[Stored data entries]
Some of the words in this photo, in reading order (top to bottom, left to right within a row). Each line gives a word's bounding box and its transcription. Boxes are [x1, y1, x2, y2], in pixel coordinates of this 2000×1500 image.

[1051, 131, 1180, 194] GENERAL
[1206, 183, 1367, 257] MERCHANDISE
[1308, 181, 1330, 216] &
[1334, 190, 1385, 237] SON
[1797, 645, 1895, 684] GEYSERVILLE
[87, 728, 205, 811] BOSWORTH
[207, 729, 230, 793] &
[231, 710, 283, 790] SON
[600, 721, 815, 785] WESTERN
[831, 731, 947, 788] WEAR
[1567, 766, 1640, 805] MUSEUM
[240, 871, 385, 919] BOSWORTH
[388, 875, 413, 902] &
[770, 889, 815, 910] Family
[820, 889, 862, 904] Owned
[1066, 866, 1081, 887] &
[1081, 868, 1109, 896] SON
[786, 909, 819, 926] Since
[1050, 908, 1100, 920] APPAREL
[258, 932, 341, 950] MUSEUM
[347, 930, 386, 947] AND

*DIRECTIONS*. Write the records again exactly as they stand.

*EXERCISE RESPONSE*.
Some of the words in this photo, in reading order (top to bottom, left to right within a row). Each line gives a word's bounding box and its transcription. Boxes are [x1, y1, x2, y2], in pixel coordinates of this 2000×1500 image.

[1051, 131, 1180, 194] GENERAL
[1206, 183, 1367, 257] MERCHANDISE
[1308, 181, 1330, 216] &
[1334, 190, 1385, 237] SON
[1797, 645, 1895, 684] GEYSERVILLE
[87, 728, 205, 811] BOSWORTH
[207, 729, 230, 793] &
[231, 710, 283, 790] SON
[600, 721, 815, 785] WESTERN
[831, 731, 947, 788] WEAR
[1567, 766, 1640, 805] MUSEUM
[240, 871, 385, 919] BOSWORTH
[388, 875, 413, 902] &
[770, 889, 815, 910] Family
[820, 889, 862, 904] Owned
[1066, 866, 1081, 887] &
[1081, 868, 1109, 896] SON
[786, 909, 819, 926] Since
[1050, 908, 1100, 920] APPAREL
[258, 932, 341, 950] MUSEUM
[347, 930, 386, 947] AND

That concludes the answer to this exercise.